Friday, June 15

the relationship between exercise and anxiety reduction

There have been six meta-analyses examining the relationship between exercise and anxiety reduction (Calfas & Taylor, 1994; Kugler, Seelback, & Krüskemper, 1994; Landers & Petruzzello, 1994; Long & van Stavel, 1995; McDonald & Hodgdon, 1991; Petruzzello, Landers, Hatfield, Kubitz, & Salazar, 1991). These meta-analyses ranged from 159 studies (Landers & Petruzzello, 1994; Petruzzello et al., 1991) to five studies (Calfas & Taylor, 1994) reviewed. All six of these meta-analyses found that across all studies examined, exercise was significantly related to a reduction in anxiety. These effects ranged from “small” to “moderate” in size and were consistent for trait, state, and psychophysiological measures of anxiety.
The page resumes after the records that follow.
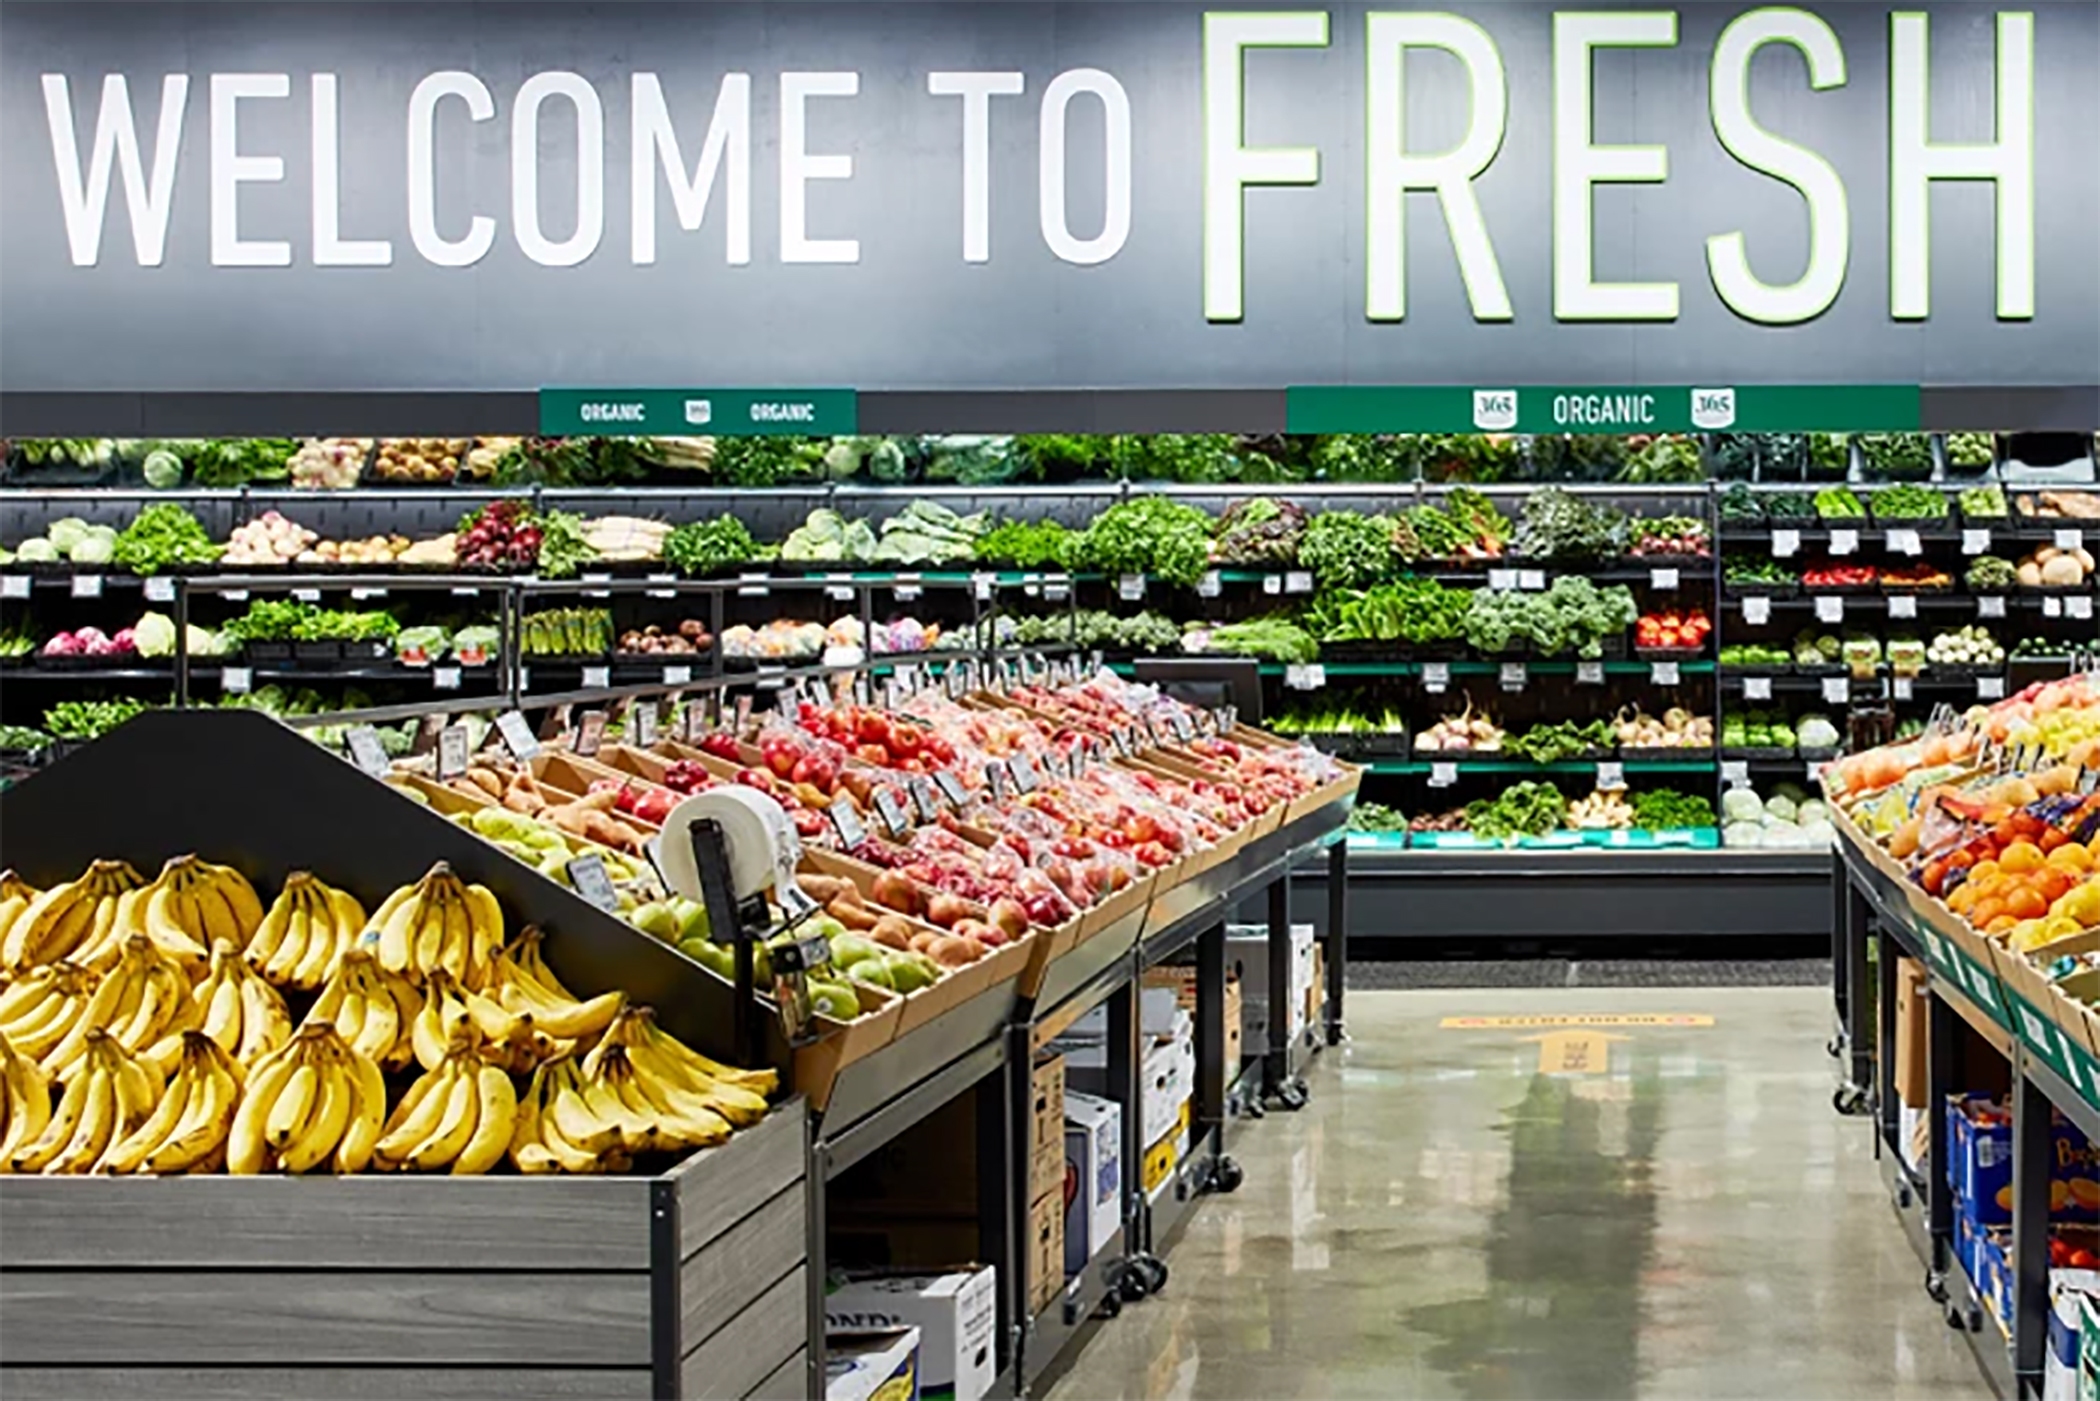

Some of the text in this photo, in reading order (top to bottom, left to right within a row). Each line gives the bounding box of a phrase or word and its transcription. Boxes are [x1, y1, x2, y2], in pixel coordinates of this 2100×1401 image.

[42, 7, 2035, 324] WELCOME TO FRESH
[581, 403, 814, 421] ORGANIC ORGANIC
[1478, 394, 1730, 424] 365 ORGANIC 365
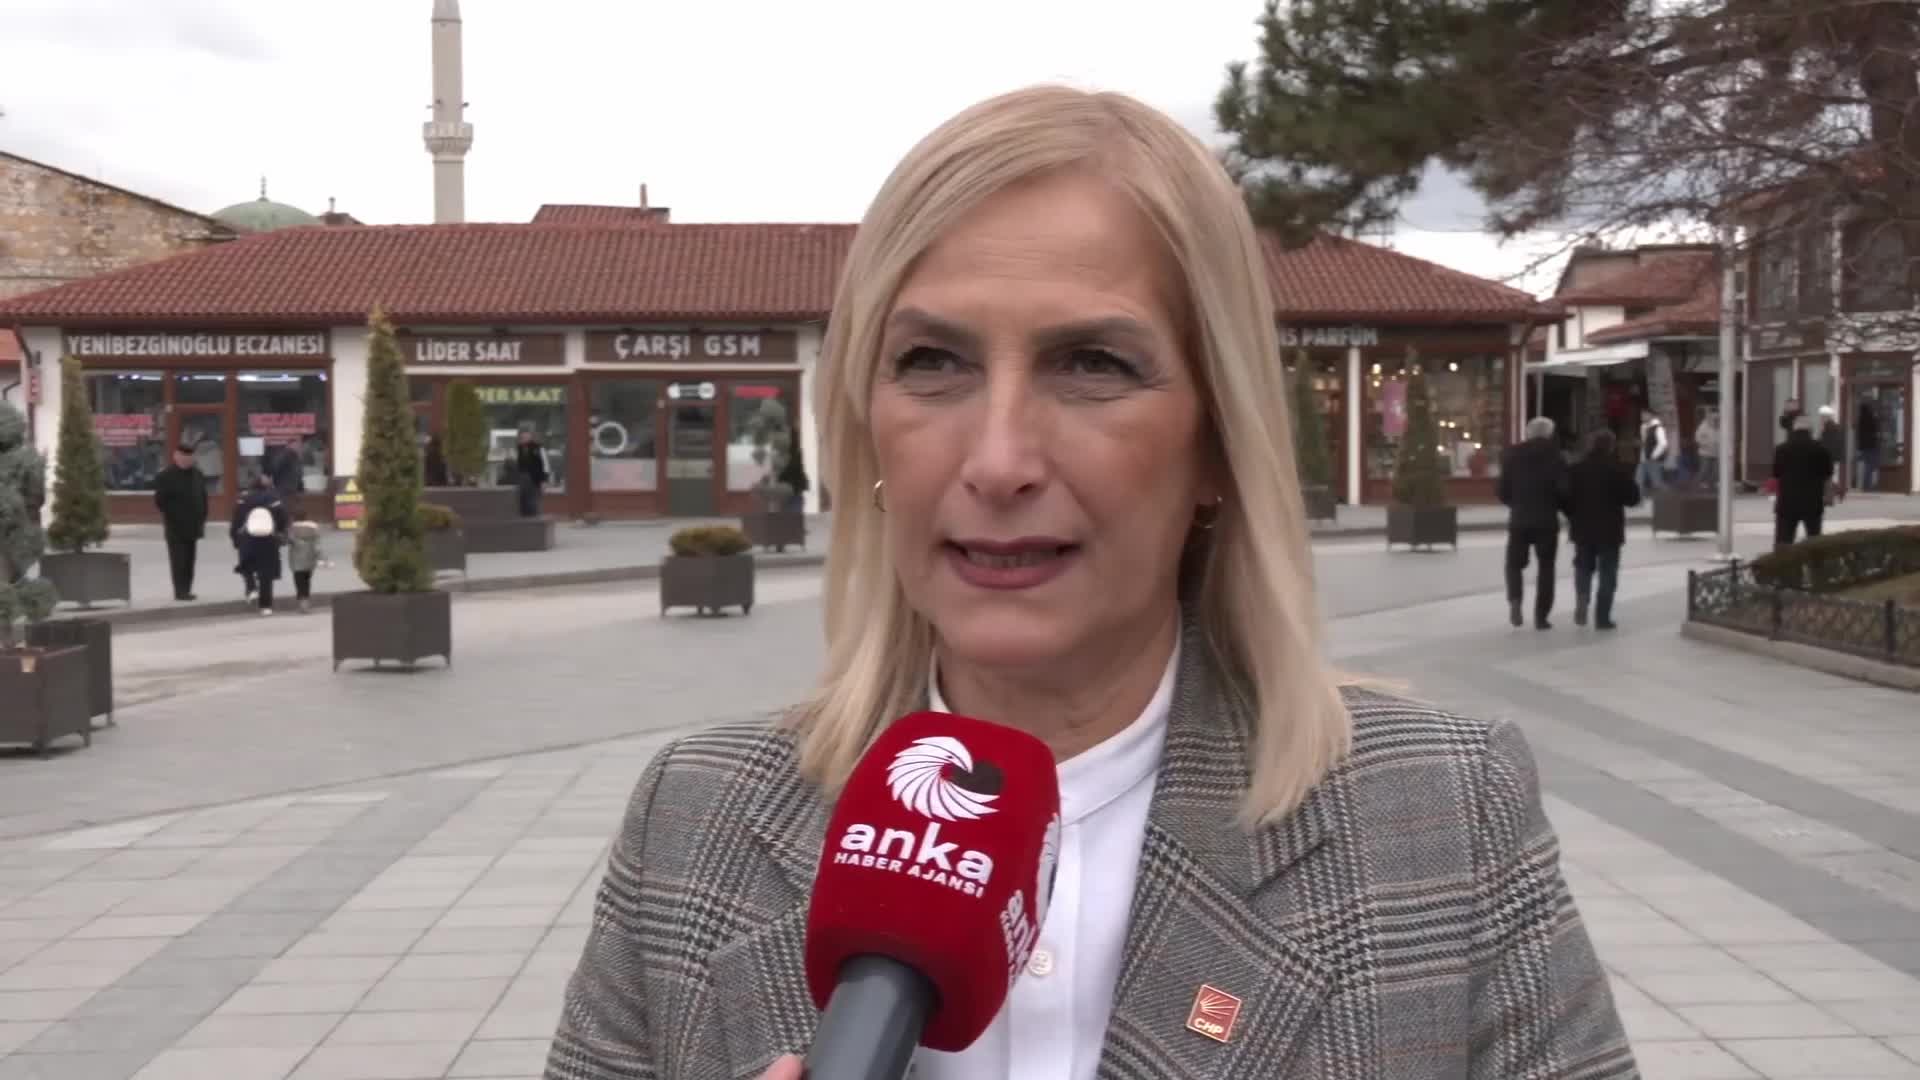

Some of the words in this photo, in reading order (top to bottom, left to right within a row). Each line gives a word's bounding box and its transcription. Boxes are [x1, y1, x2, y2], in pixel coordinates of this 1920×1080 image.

[67, 333, 230, 356] YENİBEZGİNOĞLU
[235, 333, 325, 355] ECZANESİ
[416, 338, 470, 361] LİDER
[474, 341, 522, 361] SAAT
[614, 333, 691, 360] ÇARŞI
[703, 334, 761, 357] GSM
[513, 386, 562, 404] SAAT
[840, 822, 993, 885] anka
[834, 852, 901, 873] HABER
[907, 863, 984, 898] AJANSI
[1194, 1017, 1225, 1034] CHP
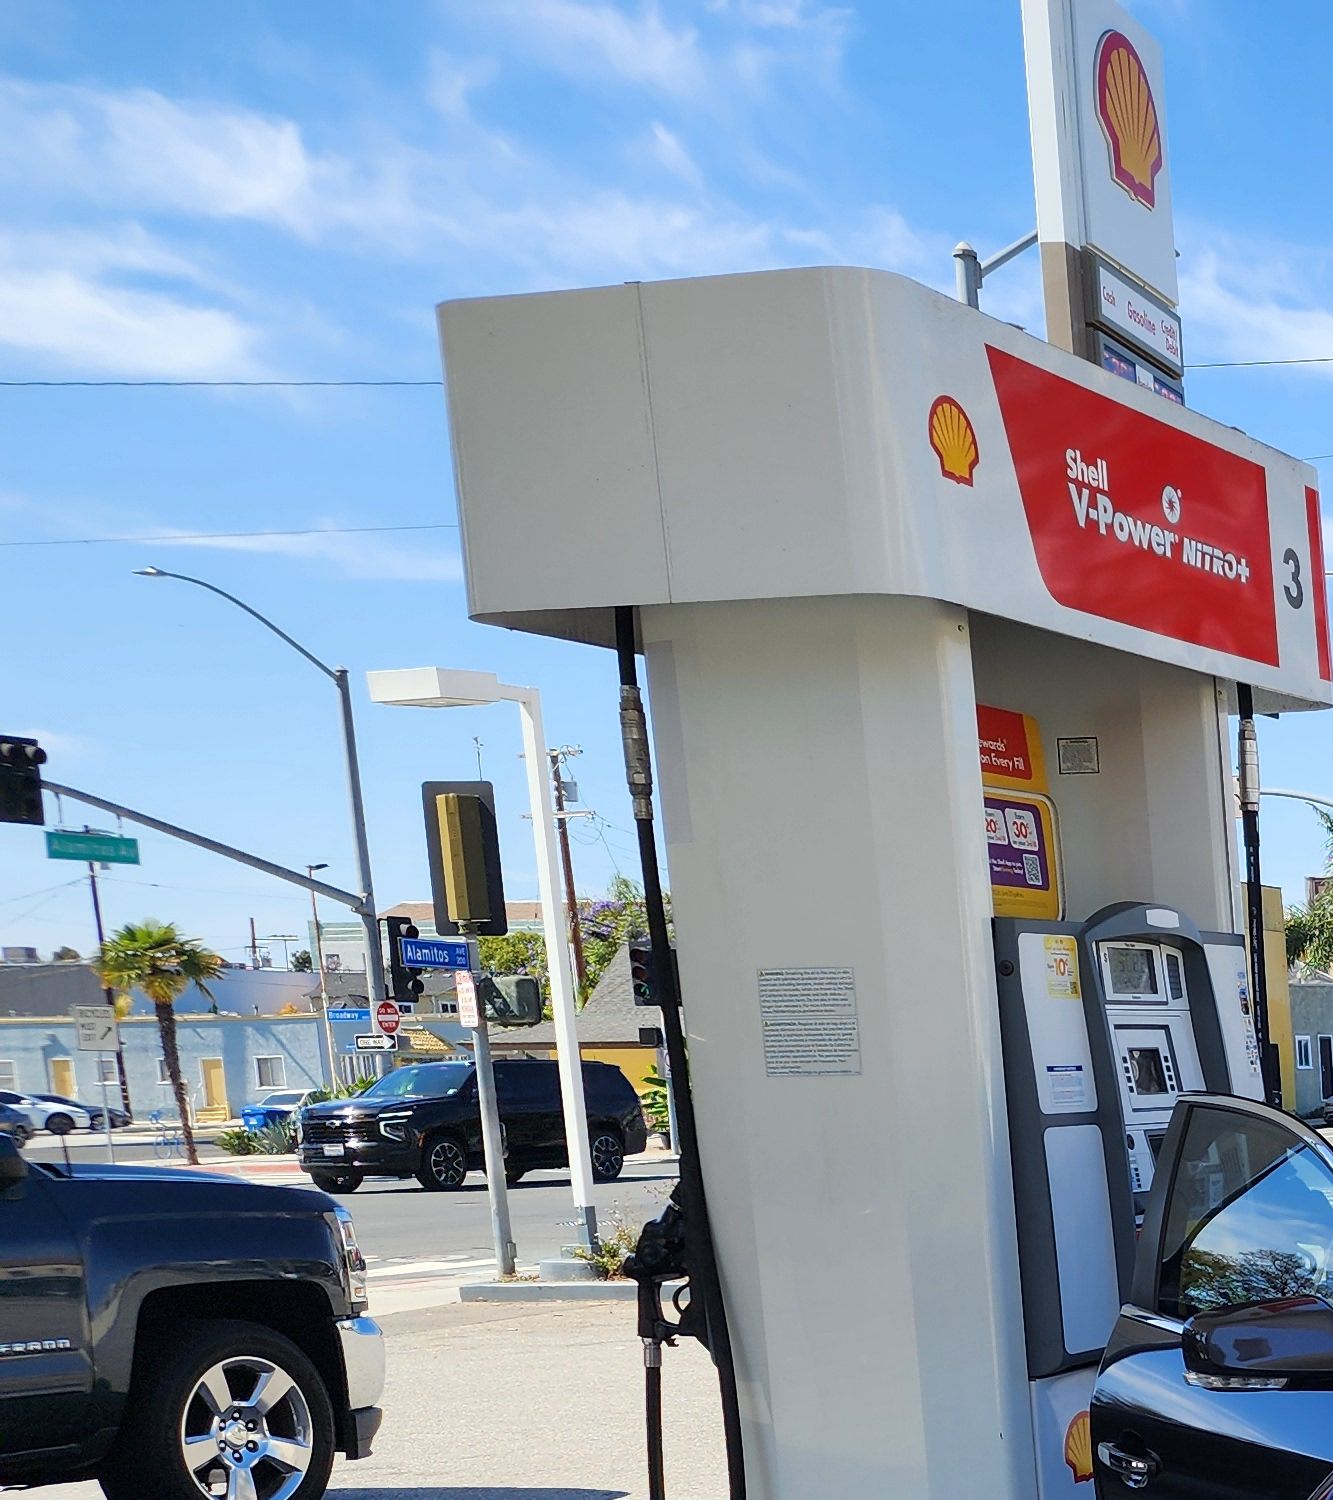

The vast majority of the narrative reviews and all of the meta-analytic reviews support the conclusion that across studies published between 1960 and 1995 there is a small to moderate relationship showing that both acute and chronic exercise reduces anxiety. This reduction occurs for all types of subjects, regardless of the measures of anxiety being employed (i.e., state, trait or psychophysiological), the intensity or the duration of the exercise, the type of exercise paradigm (i.e., acute or chronic), and the scientific quality of the studies. Another meta-analysis (Kelley & Tran, 1995) of 35 clinical trial studies involving 1,076 subjects has confirmed the psychophysiological findings in showing small (–4/–3 mm Hg), but statistically significant, postexercise reductions for both systolic and diastolic blood pressure among normal normotensive adults.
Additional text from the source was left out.